*Instructions for the task:*
Give a verbatim copy of the data, leaving the pictures out.

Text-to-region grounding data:
%%
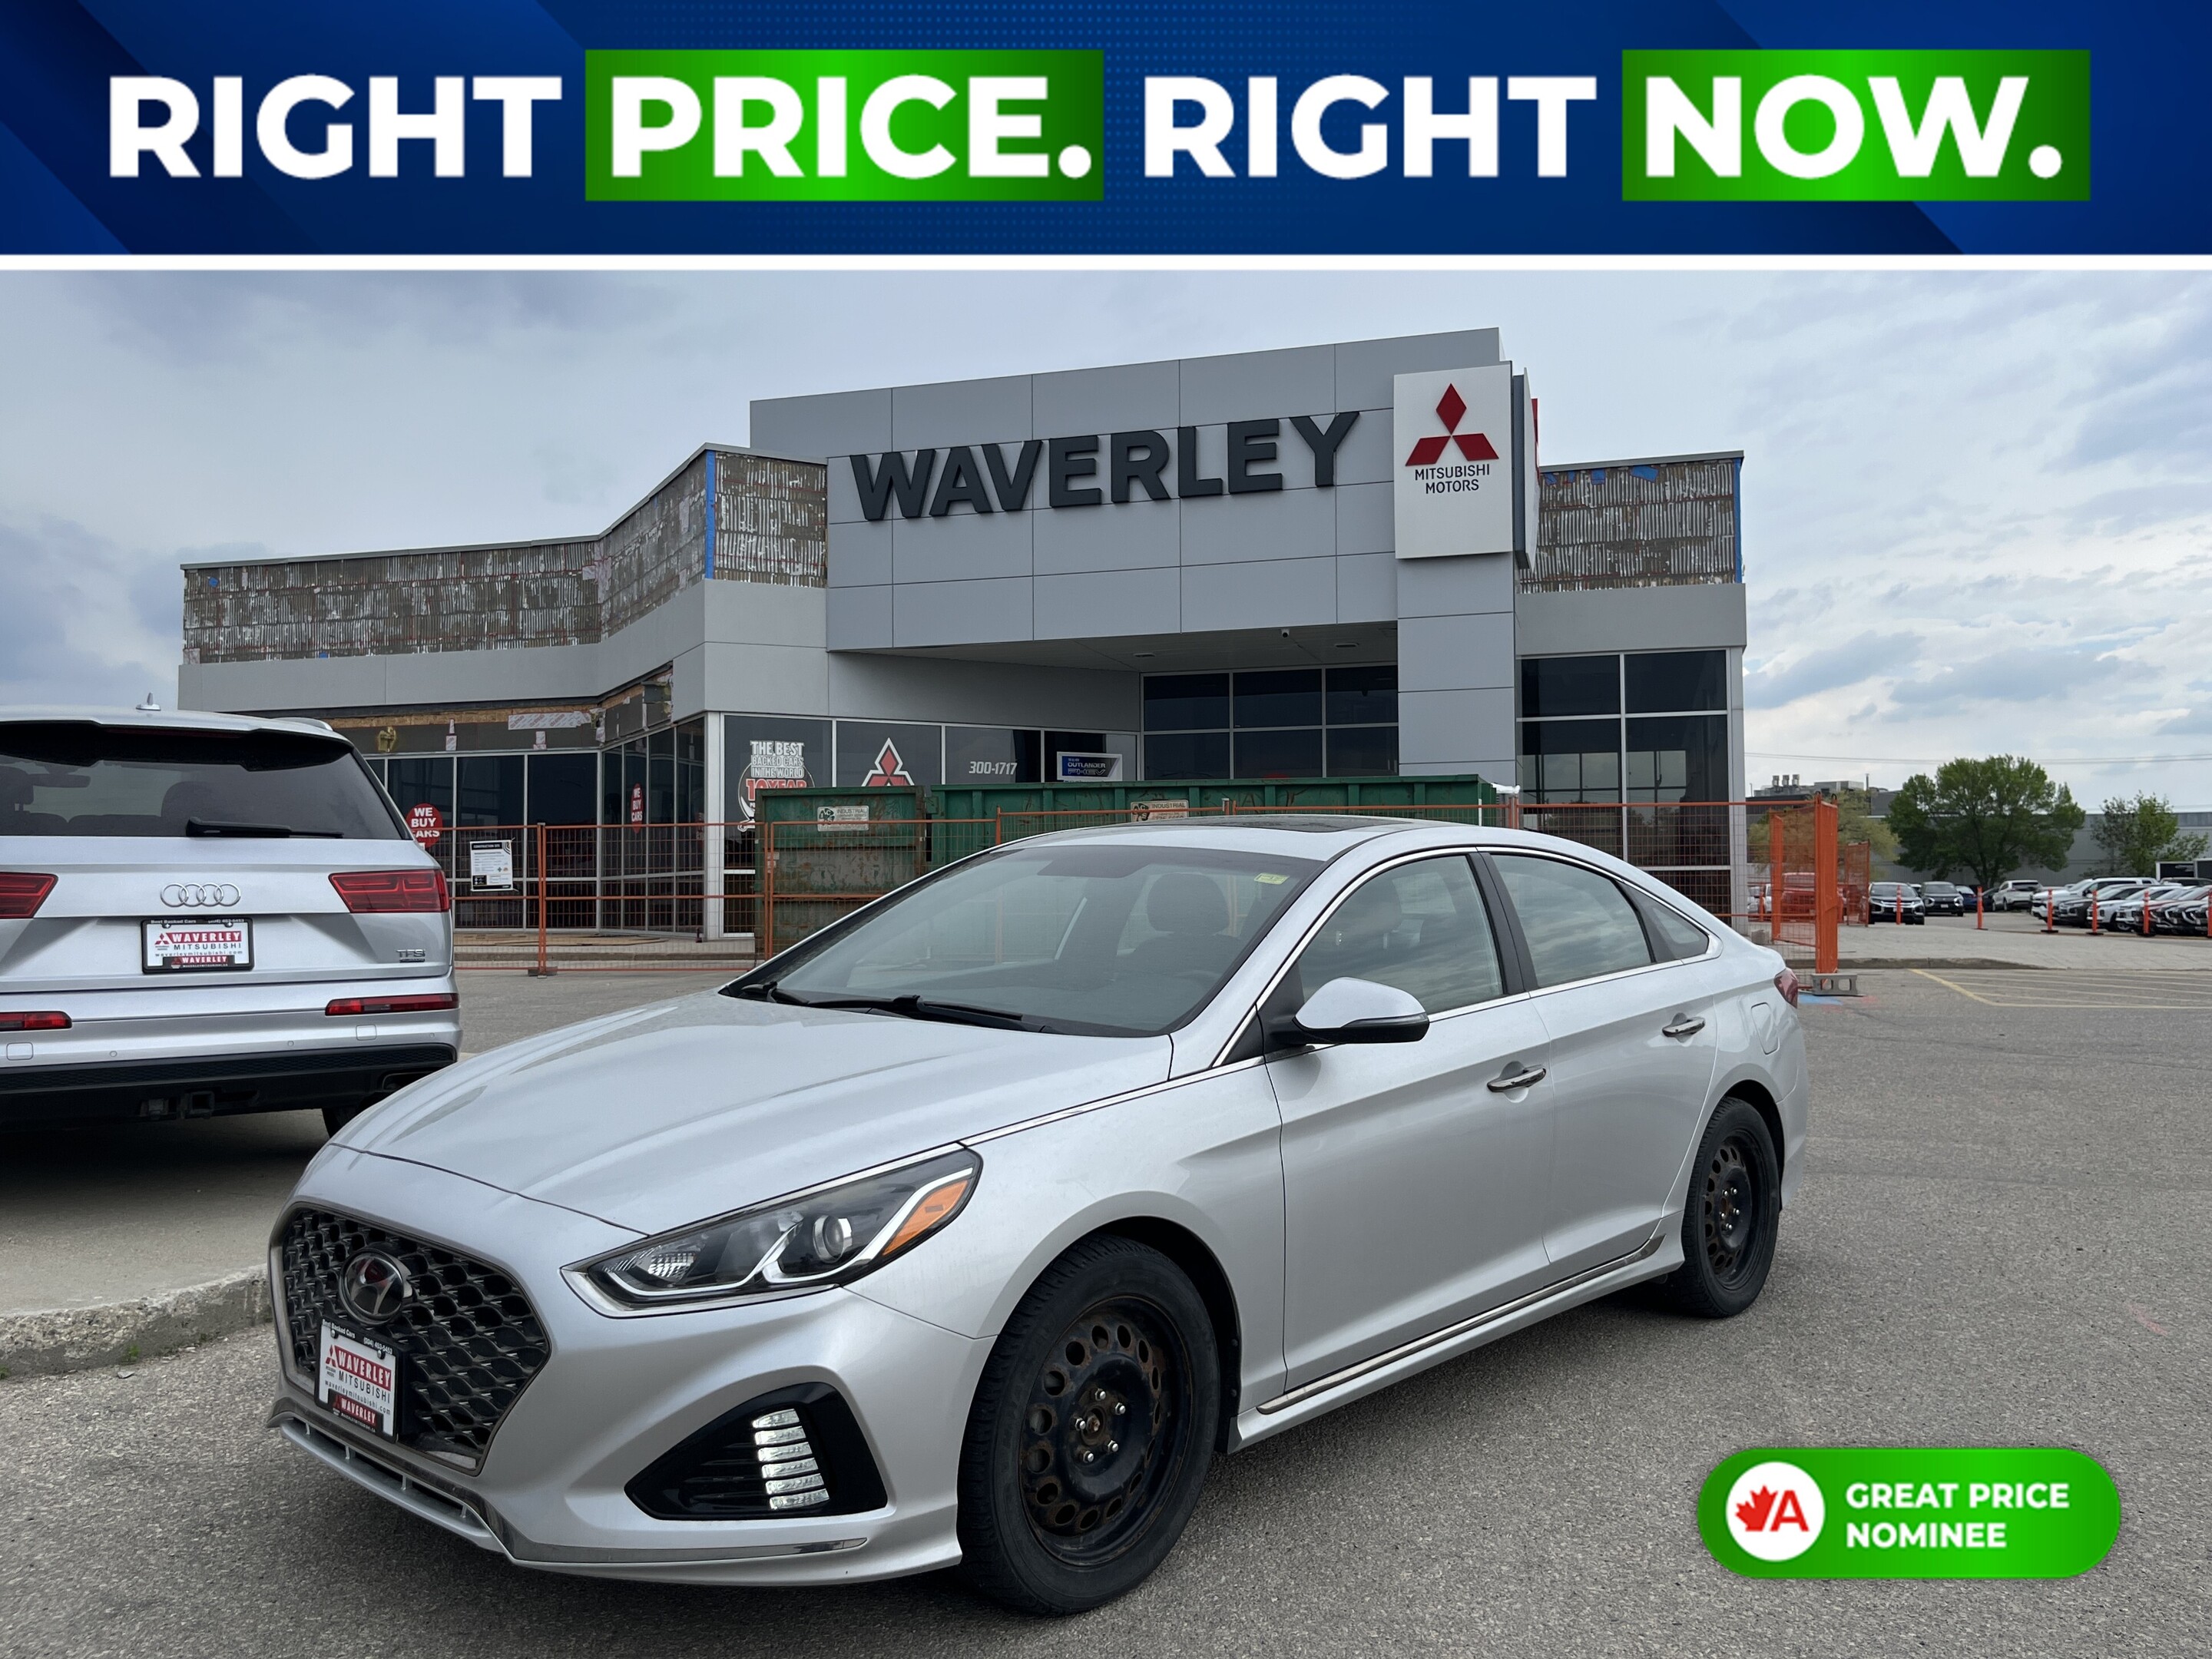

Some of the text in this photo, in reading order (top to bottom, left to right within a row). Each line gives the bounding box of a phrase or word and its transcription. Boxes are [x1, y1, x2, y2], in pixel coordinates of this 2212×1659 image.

[849, 411, 1359, 521] WAVERLEY
[1415, 463, 1490, 481] MITSUBISHI
[1426, 478, 1479, 494] MOTORS
[750, 740, 804, 757] THE BEST
[753, 757, 804, 767] BACKED CARS
[753, 768, 804, 777] IN THE WORLD
[969, 761, 1018, 775] 300-1717
[634, 787, 641, 798] WE
[633, 800, 641, 810] BUY
[414, 807, 433, 817] WE
[631, 811, 643, 822] CARS
[411, 817, 436, 827] BUY
[412, 830, 440, 838] ARS
[171, 932, 241, 942] WAVERLEY
[182, 955, 227, 964] WAVERLEY
[338, 1349, 391, 1388] WAVERLEY
[339, 1371, 390, 1403] MITSUBISHI
[325, 1380, 391, 1416] waverleymitsubishi.com
[341, 1397, 376, 1424] WAVERLEY
%%
*Output below:*
Some of the text in this photo, in reading order (top to bottom, left to right within a row). Each line gives the bounding box of a phrase or word and its transcription. Boxes are [x1, y1, x2, y2], in pixel coordinates of this 2212×1659 image.

[849, 411, 1359, 521] WAVERLEY
[1415, 463, 1490, 481] MITSUBISHI
[1426, 478, 1479, 494] MOTORS
[750, 740, 804, 757] THE BEST
[753, 757, 804, 767] BACKED CARS
[753, 768, 804, 777] IN THE WORLD
[969, 761, 1018, 775] 300-1717
[634, 787, 641, 798] WE
[633, 800, 641, 810] BUY
[414, 807, 433, 817] WE
[631, 811, 643, 822] CARS
[411, 817, 436, 827] BUY
[412, 830, 440, 838] ARS
[171, 932, 241, 942] WAVERLEY
[182, 955, 227, 964] WAVERLEY
[338, 1349, 391, 1388] WAVERLEY
[339, 1371, 390, 1403] MITSUBISHI
[325, 1380, 391, 1416] waverleymitsubishi.com
[341, 1397, 376, 1424] WAVERLEY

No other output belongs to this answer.